Single-Cell Analysis Identifies an LDL Metabolism–Driven Myeloid Signature and ITGA5-Associated Progression in HNSCC

Background: Lipid metabolic reprogramming is a hallmark of tumor progression, yet the role of low-density lipoprotein (LDL) metabolism in head and neck squamous cell carcinoma (HNSCC) remains unclear. This study aimed to systematically characterize LDL metabolism and identify clinically relevant regulators. Methods: Integrated multi-omics analyses were performed using TCGA and GEO cohorts. Single-cell RNA sequencing was applied to resolve cell-type–specific metabolic heterogeneity. A machine learning–based prognostic model was developed and validated across independent datasets. Functional analyses, immune profiling, and tumor mutation analyses were conducted. Key genes were further validated using spatial transcriptomics and in vitro experiments.

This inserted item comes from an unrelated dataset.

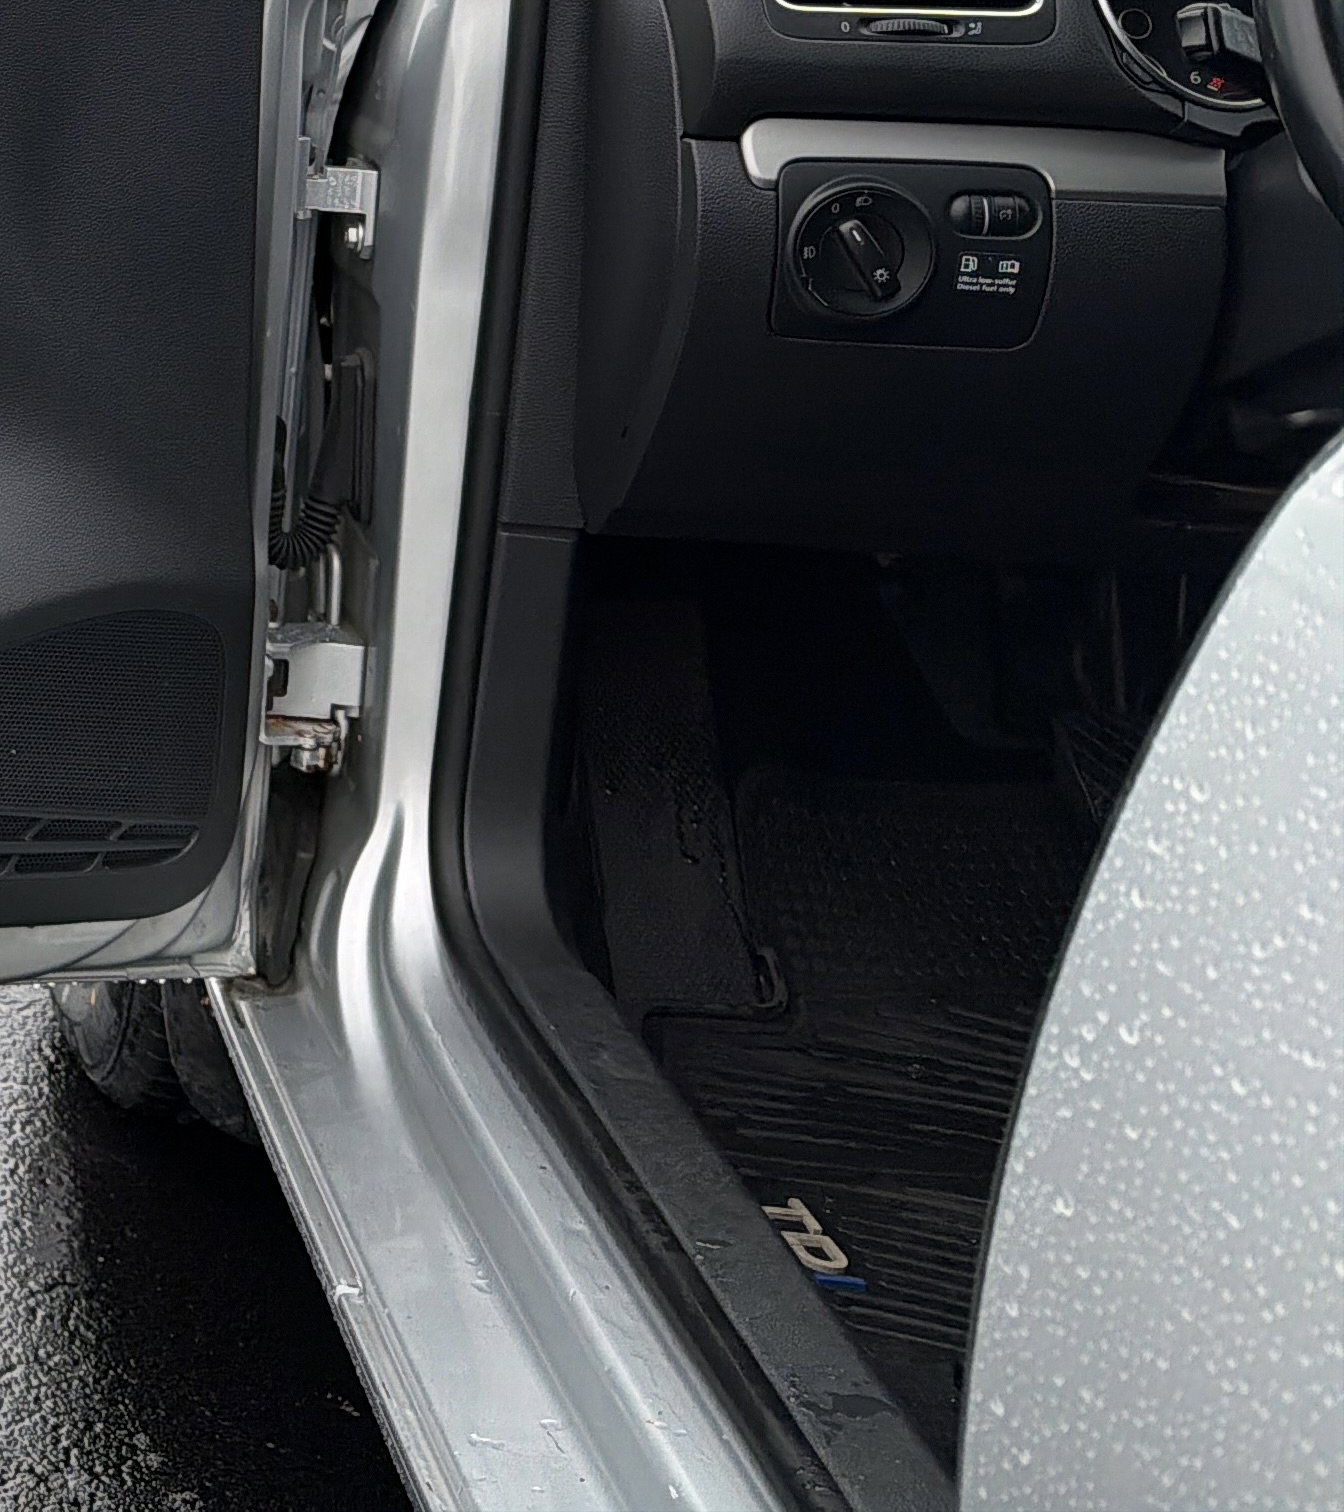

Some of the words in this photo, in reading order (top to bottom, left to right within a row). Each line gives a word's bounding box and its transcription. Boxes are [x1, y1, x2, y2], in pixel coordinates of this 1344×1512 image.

Results: LDL metabolic activity exhibited marked heterogeneity, with myeloid cells—particularly macrophages—showing the highest activity. The LDL-related prognostic model effectively stratified patients by survival and immunotherapy response. High-risk patients displayed elevated tumor mutational burden, reduced immune infiltration, and poorer response to immune checkpoint blockade. Notably, the macro_SPP1 macrophage subset exhibited enhanced LDL metabolism and extracellular matrix activity, along with upregulated ITGA5. Integrated analyses indicated that ITGA5 is associated with cholesterol metabolism, immune regulation, and macrophage differentiation. Spatial transcriptomics confirmed its enrichment in tumor regions with high LDL activity. Functional experiments demonstrated that ITGA5 promotes proliferation, migration, and invasion of HNSCC cells. Conclusion: LDL metabolic reprogramming shapes the tumor microenvironment and clinical outcomes in HNSCC. ITGA5 acts as a key mediator linking lipid metabolism to malignant progression, representing a potential prognostic biomarker and therapeutic target.